* _Work request_: Exact copy, no pictures: output each line below as it stands.

----

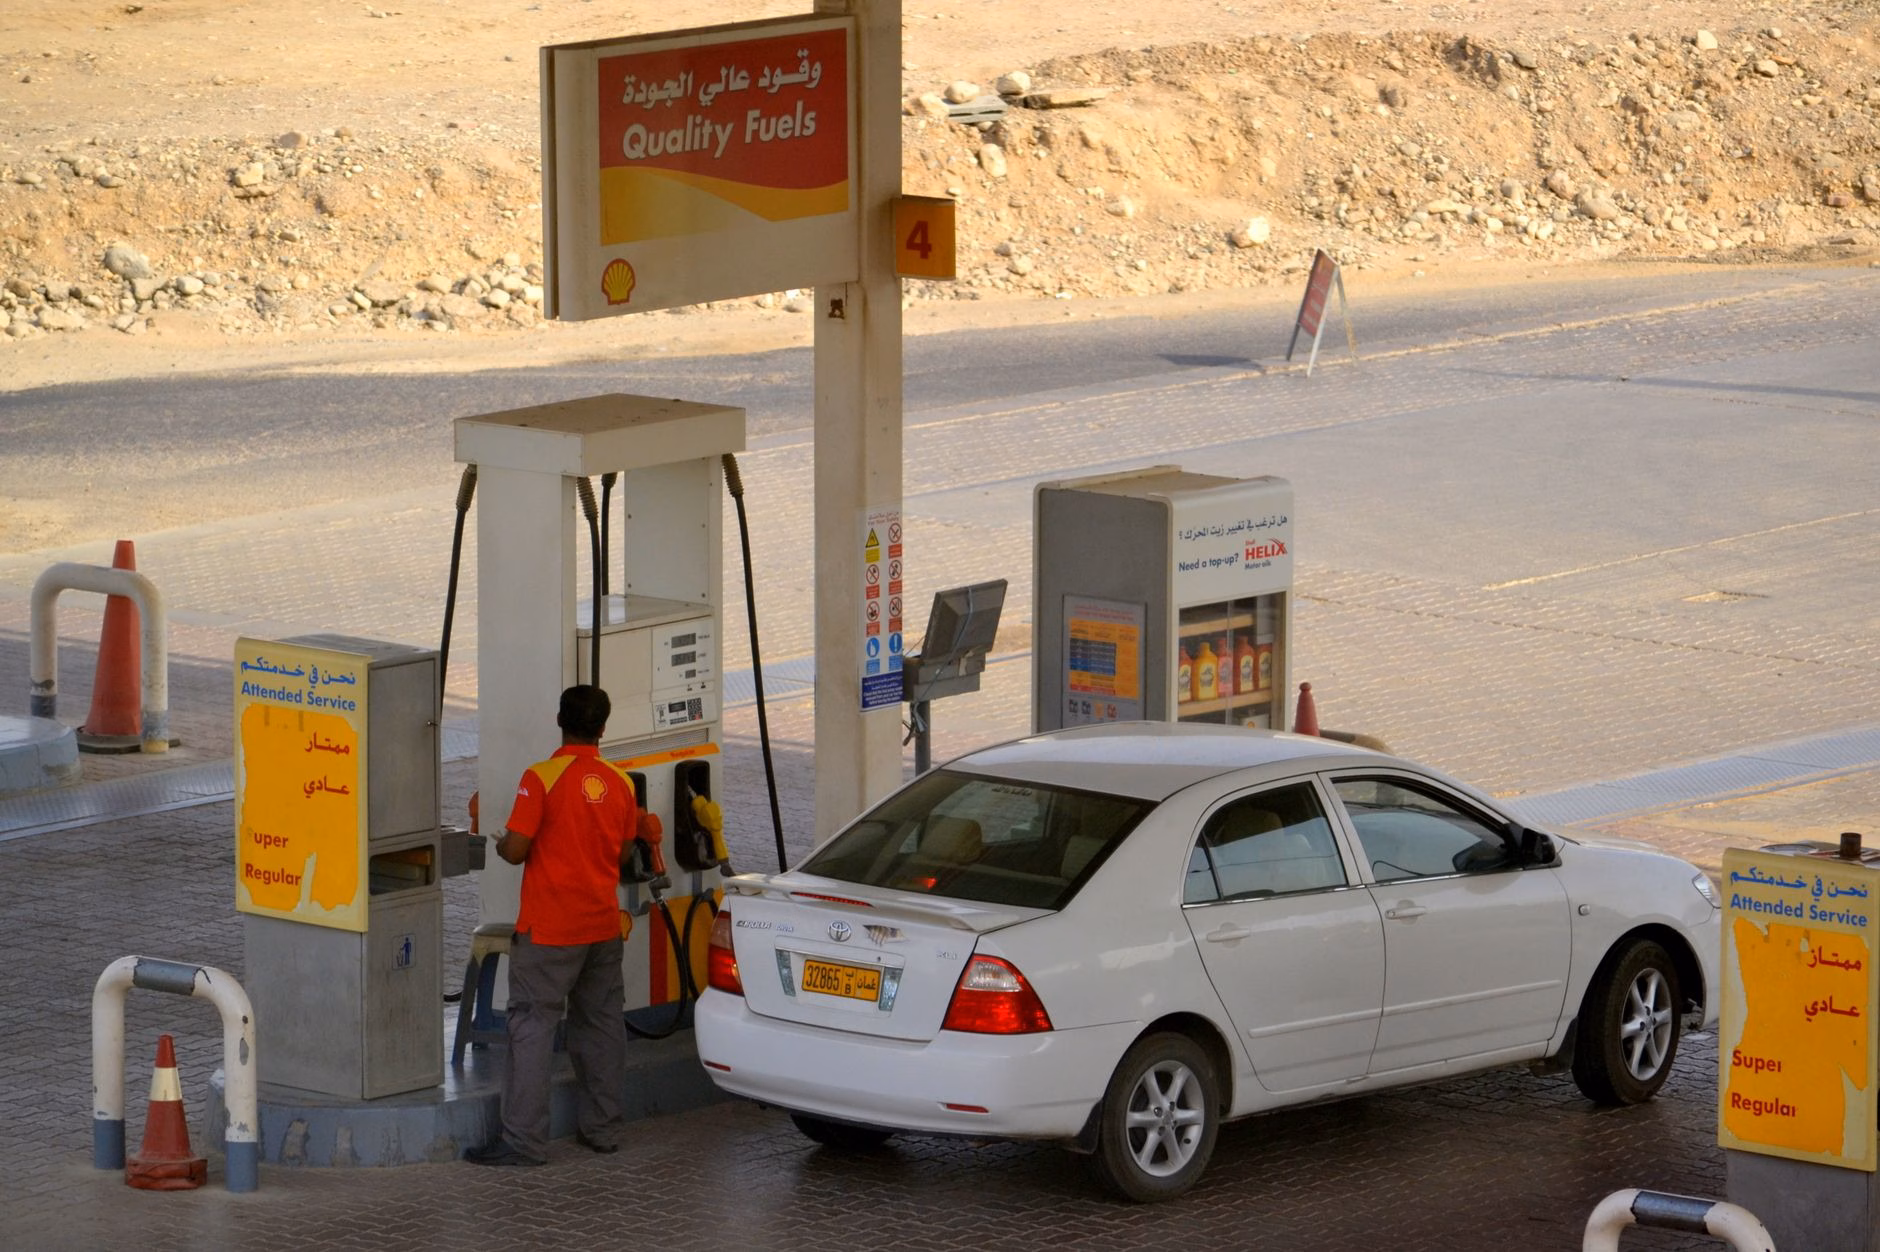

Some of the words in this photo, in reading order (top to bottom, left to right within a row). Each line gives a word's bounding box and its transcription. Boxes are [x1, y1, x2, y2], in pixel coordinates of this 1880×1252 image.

[757, 47, 822, 93] وقود
[622, 69, 694, 110] الجودة
[698, 63, 751, 107] عالي
[622, 114, 734, 159] Quality
[744, 99, 817, 144] Fuels
[905, 220, 932, 259] 4
[1277, 515, 1288, 527] هل
[1179, 557, 1200, 572] Need
[1202, 560, 1207, 568] a
[1209, 552, 1239, 568] top-up?
[1245, 540, 1288, 561] HELIX
[240, 656, 305, 677] خدمتكم
[308, 664, 319, 689] في
[322, 670, 356, 685] نحن
[241, 681, 303, 704] Attended
[307, 691, 356, 711] Service
[303, 775, 350, 799] عادي
[247, 828, 289, 850] uper
[245, 863, 302, 886] Regular
[1730, 866, 1807, 888] خدمتكم
[1811, 875, 1823, 902] في
[1827, 882, 1868, 898] نحن
[1730, 893, 1804, 918] Attended
[1809, 904, 1868, 927] Service
[1807, 945, 1862, 971] ممتاز
[805, 965, 841, 991] 32865
[844, 983, 852, 995] B
[1804, 994, 1860, 1023] عادي
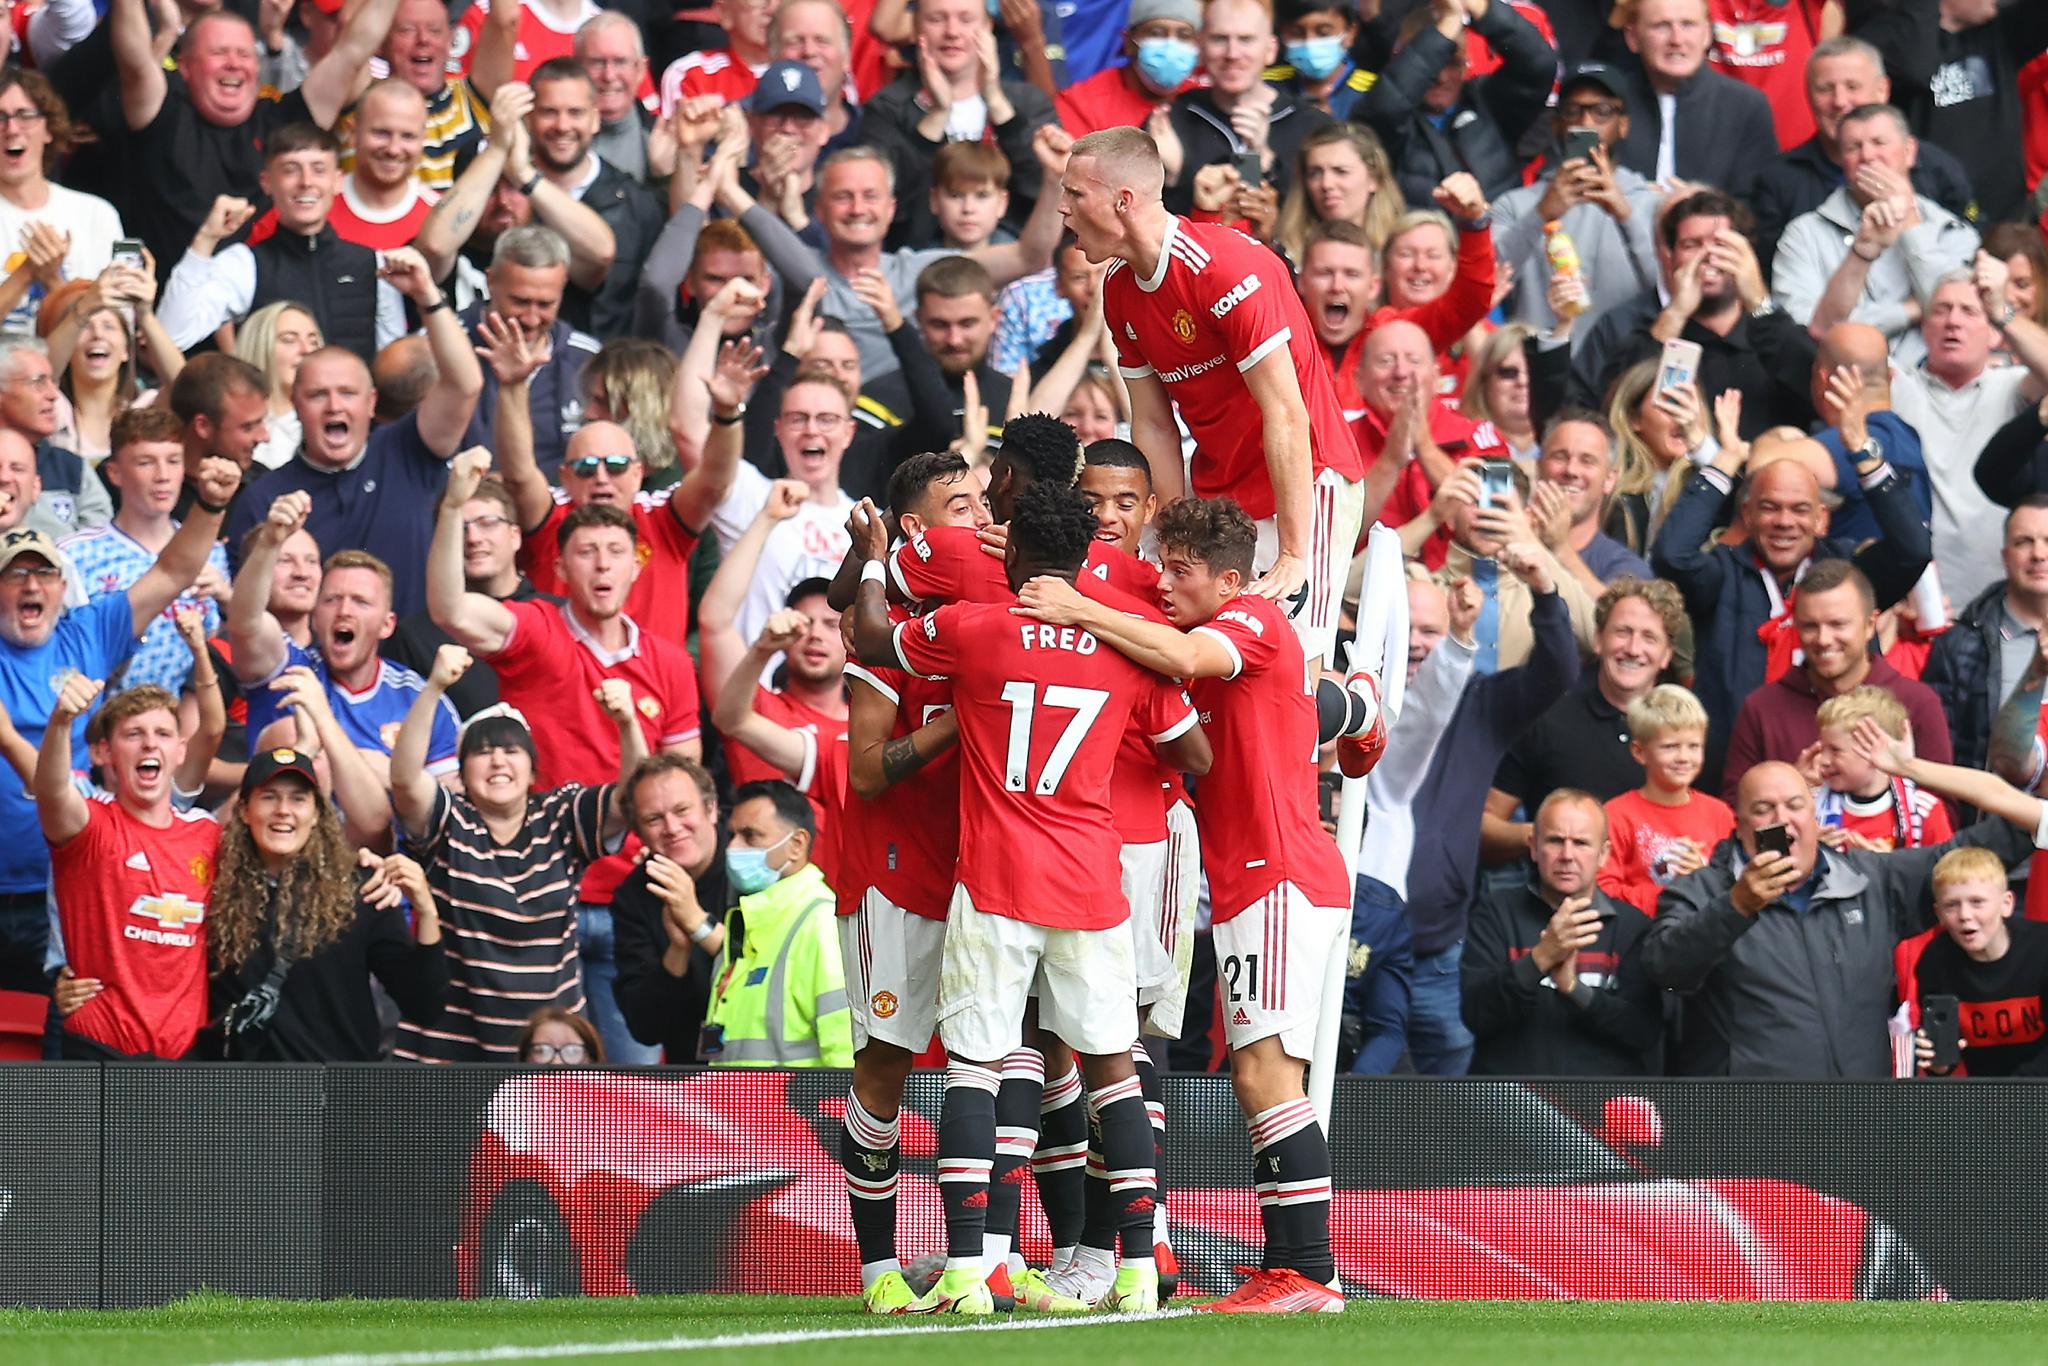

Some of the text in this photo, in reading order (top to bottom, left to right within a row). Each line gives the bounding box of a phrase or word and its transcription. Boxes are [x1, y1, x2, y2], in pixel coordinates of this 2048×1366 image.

[1210, 273, 1262, 319] KOHLER
[1156, 353, 1228, 383] amViewer
[1021, 625, 1098, 656] FRED
[1000, 681, 1110, 795] 17
[124, 925, 196, 947] CHEVROL
[1224, 955, 1258, 1002] 21
[1971, 1006, 2040, 1038] CON
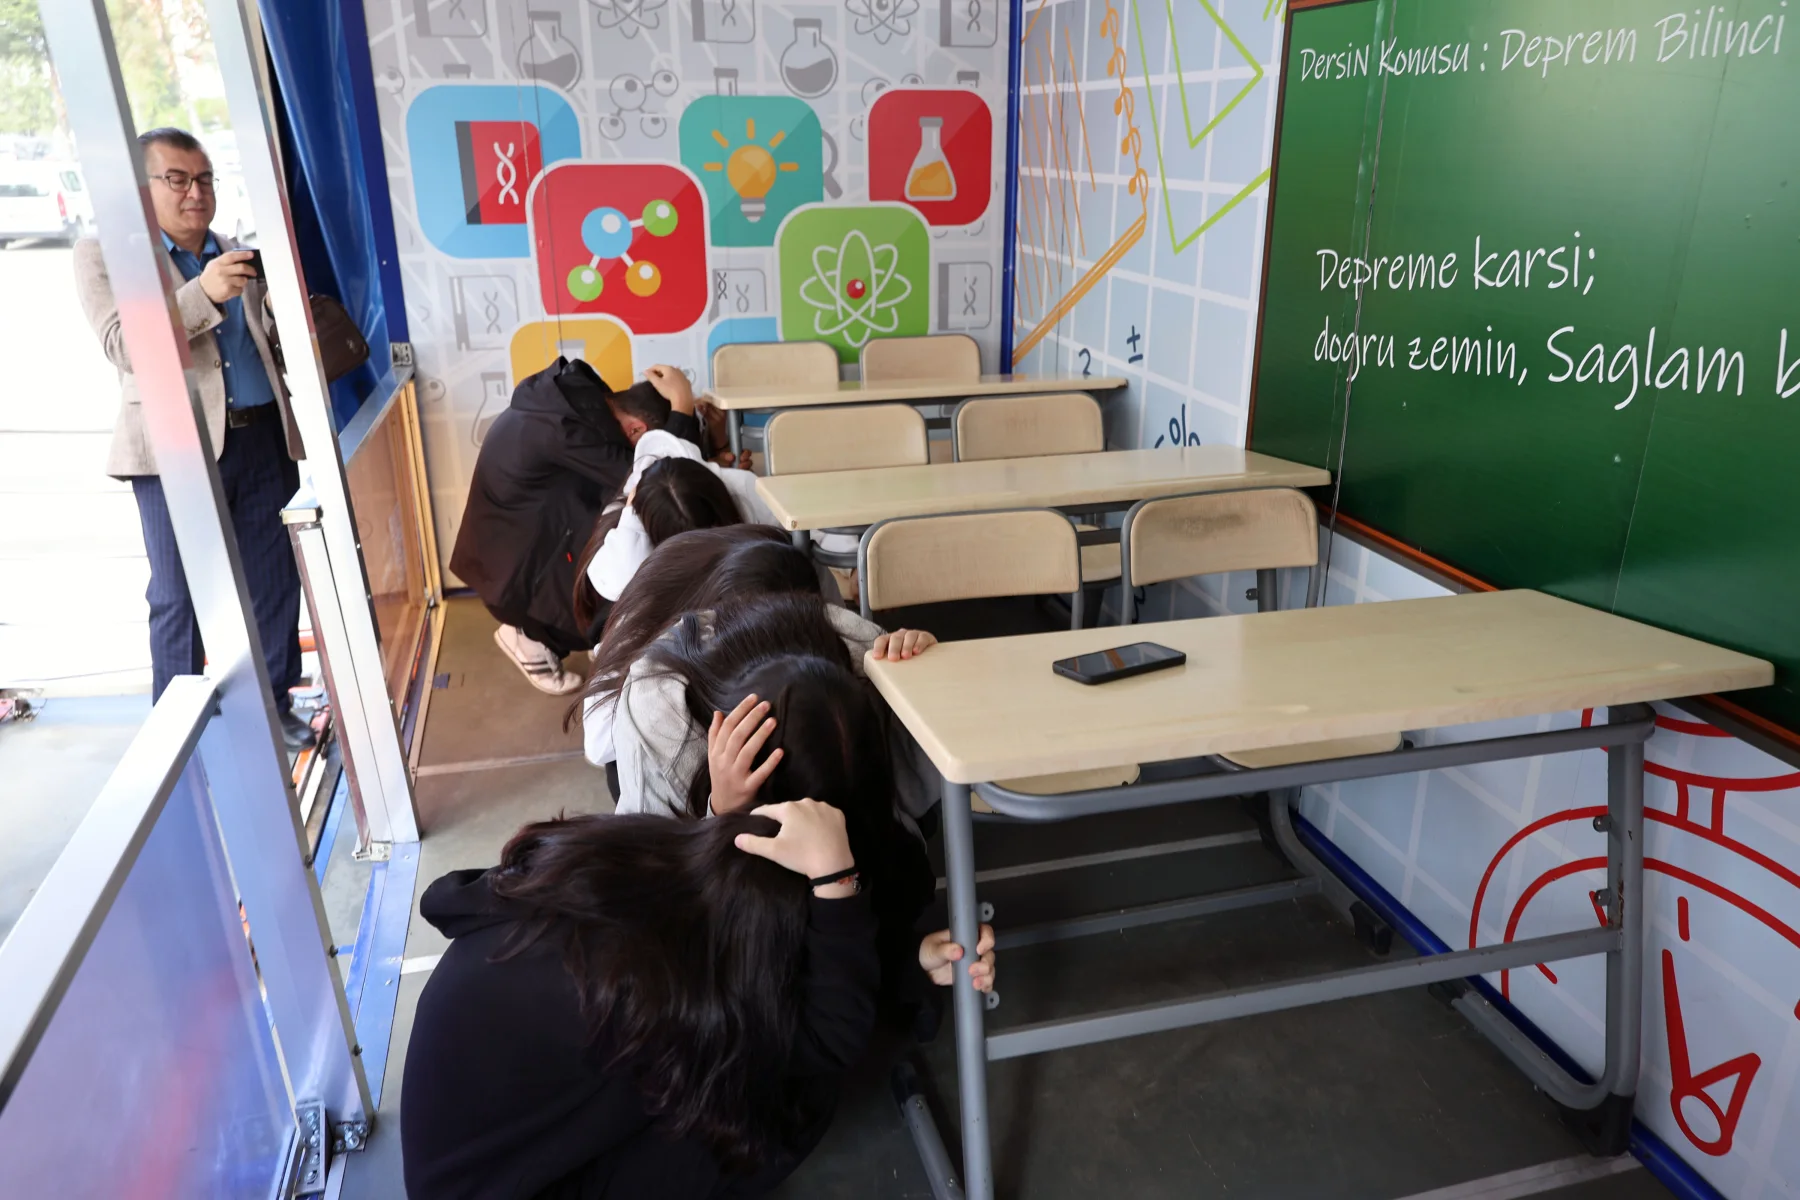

----

* _Reply to the exercise_:
Some of the words in this photo, in reading order (top to bottom, left to right within a row). Each line gives a word's bounding box and its transcription. Boxes are [x1, y1, x2, y2], in pixel coordinates of this 1880×1252 image.

[757, 47, 822, 93] وقود
[622, 69, 694, 110] الجودة
[698, 63, 751, 107] عالي
[622, 114, 734, 159] Quality
[744, 99, 817, 144] Fuels
[905, 220, 932, 259] 4
[1277, 515, 1288, 527] هل
[1179, 557, 1200, 572] Need
[1202, 560, 1207, 568] a
[1209, 552, 1239, 568] top-up?
[1245, 540, 1288, 561] HELIX
[240, 656, 305, 677] خدمتكم
[308, 664, 319, 689] في
[322, 670, 356, 685] نحن
[241, 681, 303, 704] Attended
[307, 691, 356, 711] Service
[303, 775, 350, 799] عادي
[247, 828, 289, 850] uper
[245, 863, 302, 886] Regular
[1730, 866, 1807, 888] خدمتكم
[1811, 875, 1823, 902] في
[1827, 882, 1868, 898] نحن
[1730, 893, 1804, 918] Attended
[1809, 904, 1868, 927] Service
[1807, 945, 1862, 971] ممتاز
[805, 965, 841, 991] 32865
[844, 983, 852, 995] B
[1804, 994, 1860, 1023] عادي

Some of the text in this photo, in reading order (top to bottom, left to right within a row). Each line gives the bounding box of a phrase or word and its transcription. Boxes are [x1, y1, x2, y2], in pixel coordinates of this 2048×1366 image.

[1210, 273, 1262, 319] KOHLER
[1156, 353, 1228, 383] amViewer
[1021, 625, 1098, 656] FRED
[1000, 681, 1110, 795] 17
[124, 925, 196, 947] CHEVROL
[1224, 955, 1258, 1002] 21
[1971, 1006, 2040, 1038] CON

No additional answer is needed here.